It's the end of the end of the world as we know it, and I feel fine.

The past five years have been a bull market for doomsaying. There's been one would-be apocalypse after another, and some of them were even real. But they haven't been nearly as real since December 2011. That's when we hit Peak Armageddon, and when gold hit its own peak: people trusted rocks more than governments to preserve value in a world short on it.

Lehman nearly broke our world, but just three years later it looked like things might have been getting worse. Policymakers were once again playing Russian roulette with the world economy, and every chamber was loaded. House Republicans were refusing to raise the debt ceiling without major spending cuts, and the European Central Bank (ECB) wasn't even fiddling as the common currency burned. It was just watching the collapse. So it's not surprise that gold hit an all-time nominal high in September 2011. Investors trusted rocks more than stocks.
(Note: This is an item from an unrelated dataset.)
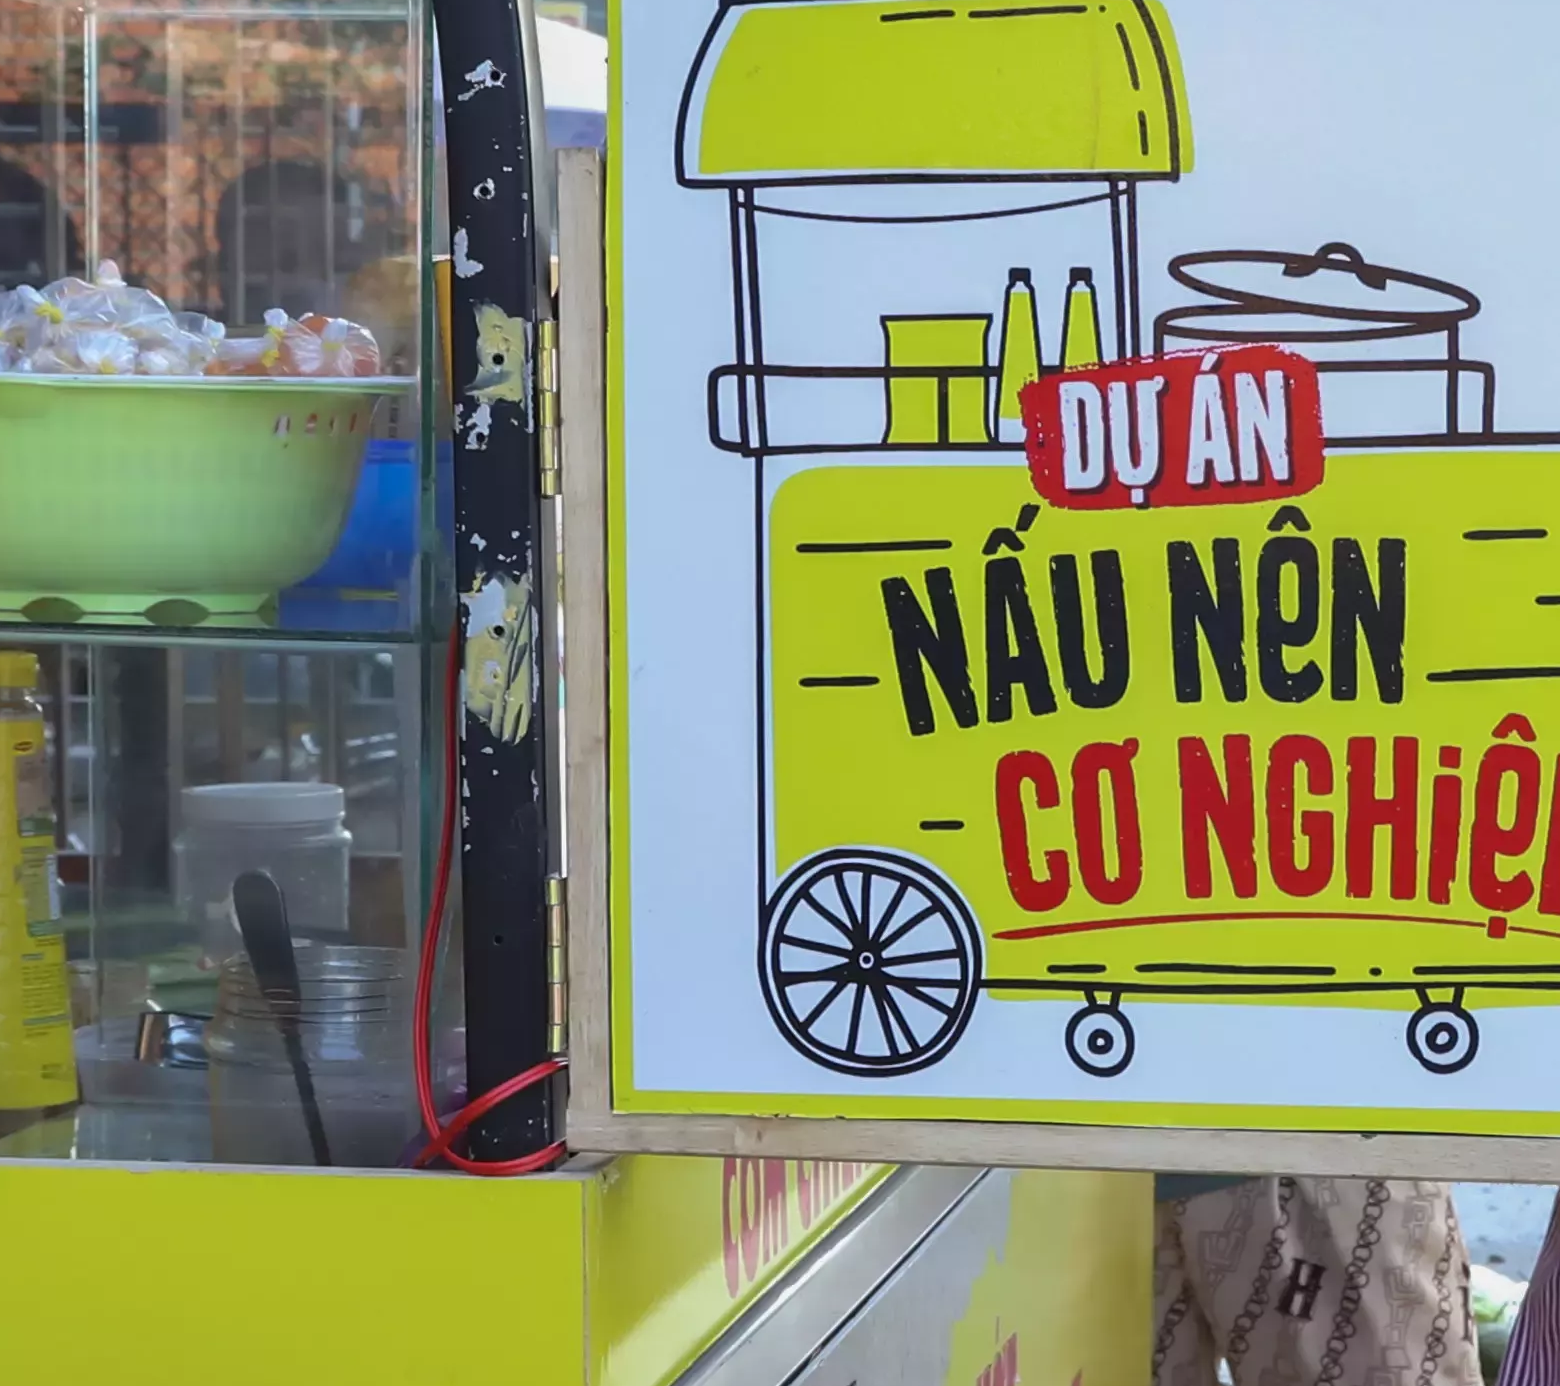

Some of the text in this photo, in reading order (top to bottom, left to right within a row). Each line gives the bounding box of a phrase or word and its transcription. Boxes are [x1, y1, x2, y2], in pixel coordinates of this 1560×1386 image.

But a funny thing happened on the way to armageddon. We never got there. Republicans have blustered about the debt ceiling, but they raise it when the time comes. And Germans have blustered about the ECB, but they let it throw money at Europe's problems when the time comes for that too. It's been such a non-apocalypse that you would have made more money investing in Greece's stock market than gold going back to September 2011—and that despite the Fed printing over a trillion dollars, which should be good for the yellow metal.

Now, the emerging markets' "taper tantrum" reminds us that things aren't all the way back to normal yet. But at least people are betting on human ingenuity rather than human ability to dig up minerals. Paper (stocks) beats rocks.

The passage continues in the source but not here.